Search International and National Patent Collections

1. (WO2018204910) LOSS-SCALING FOR DEEP NEURAL NETWORK TRAINING WITH REDUCED PRECISION

Pub. No.:    WO/2018/204910    International Application No.:    PCT/US2018/031356
Publication Date: Fri Nov 09 00:59:59 CET 2018 International Filing Date: Tue May 08 01:59:59 CEST 2018
IPC: G06N 3/08
Applicants: NVIDIA CORPORATION
Inventors: WU, Hao
ALBEN, Jonah
MICIKEVICIUS, Paulius
Title: LOSS-SCALING FOR DEEP NEURAL NETWORK TRAINING WITH REDUCED PRECISION
Abstract:
In training a deep neural network using reduced precision, gradient computation operates on larger values without affecting the rest of the training procedure.
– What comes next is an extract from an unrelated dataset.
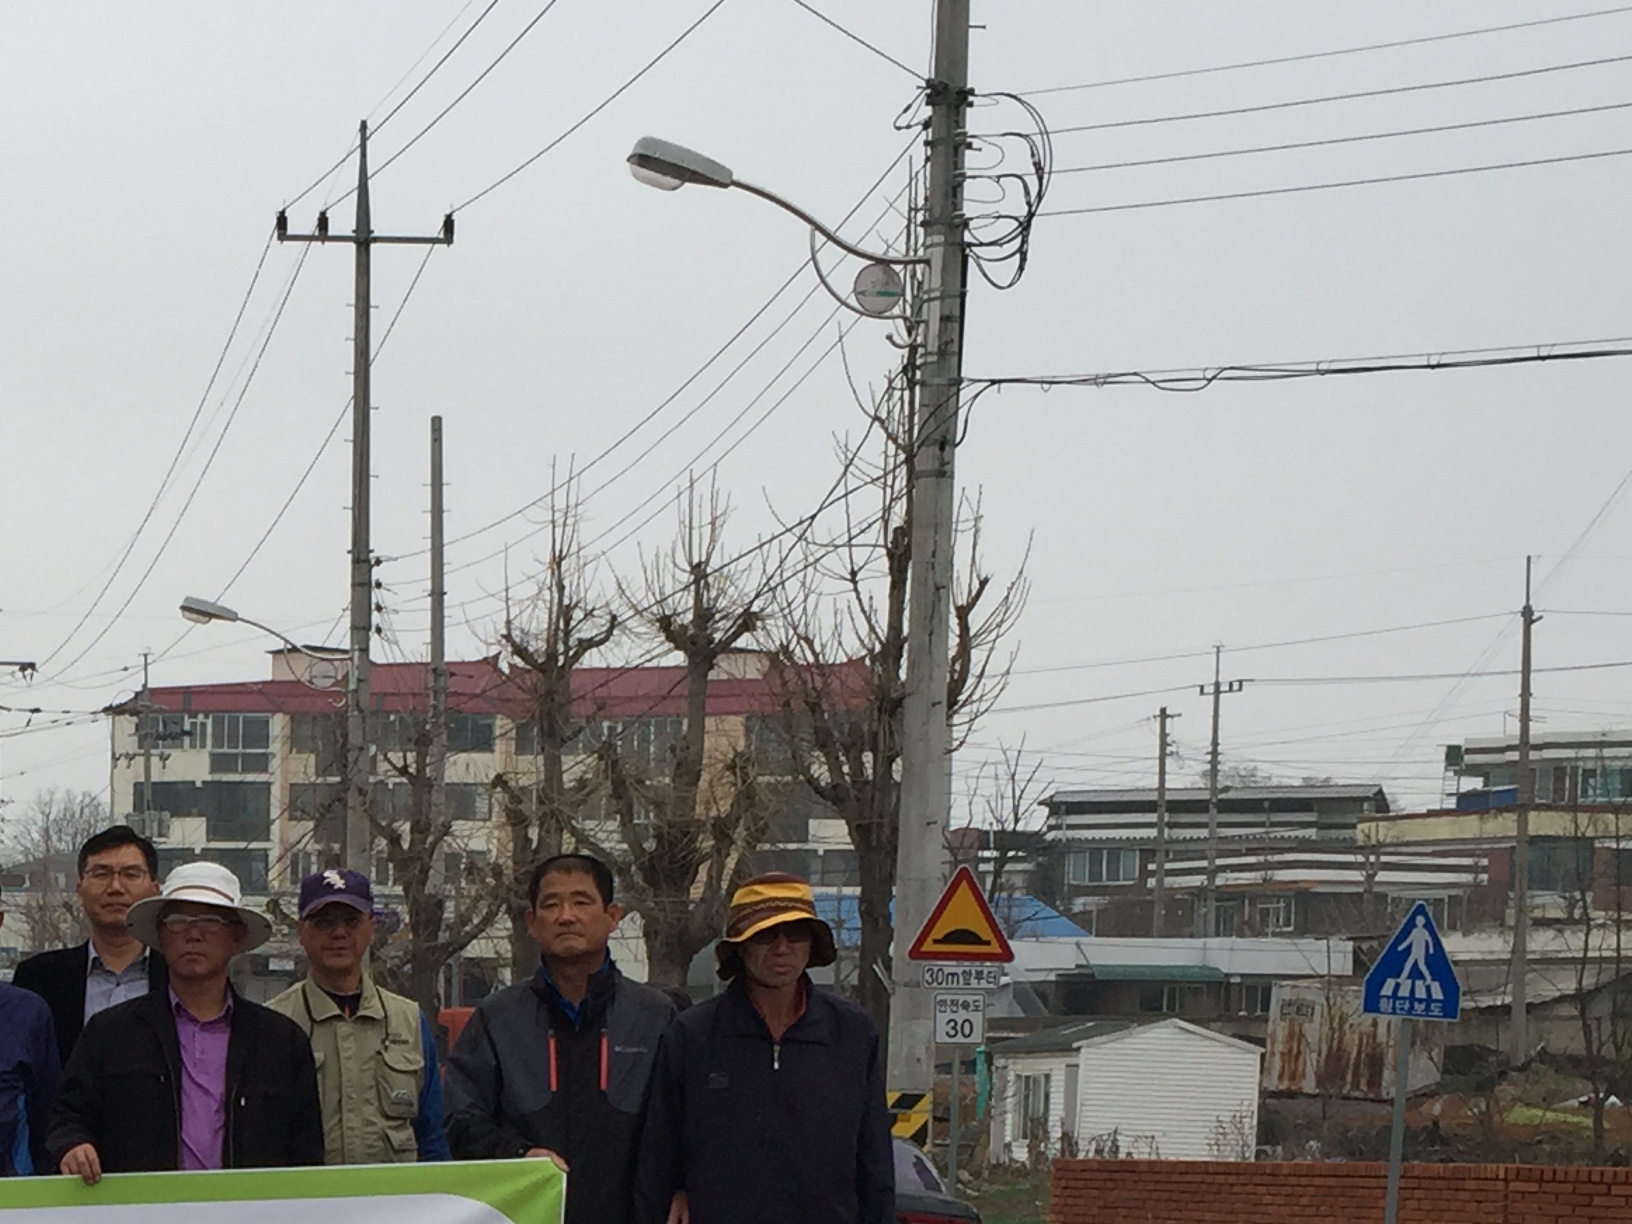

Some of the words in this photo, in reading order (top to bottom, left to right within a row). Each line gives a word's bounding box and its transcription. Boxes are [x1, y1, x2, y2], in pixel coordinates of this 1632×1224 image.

One technique trains the deep neural network to develop loss, scales the loss, computes gradients at a reduced precision, and reduces the magnitude of the computed gradients to compensate for scaling of the loss. In one example nonlimiting arrangement, the training forward pass scales a loss value by some factor S and the weight update reduces the weight gradient contribution by 1/S. Several techniques can be used for selecting scaling factor S and adjusting the weight update.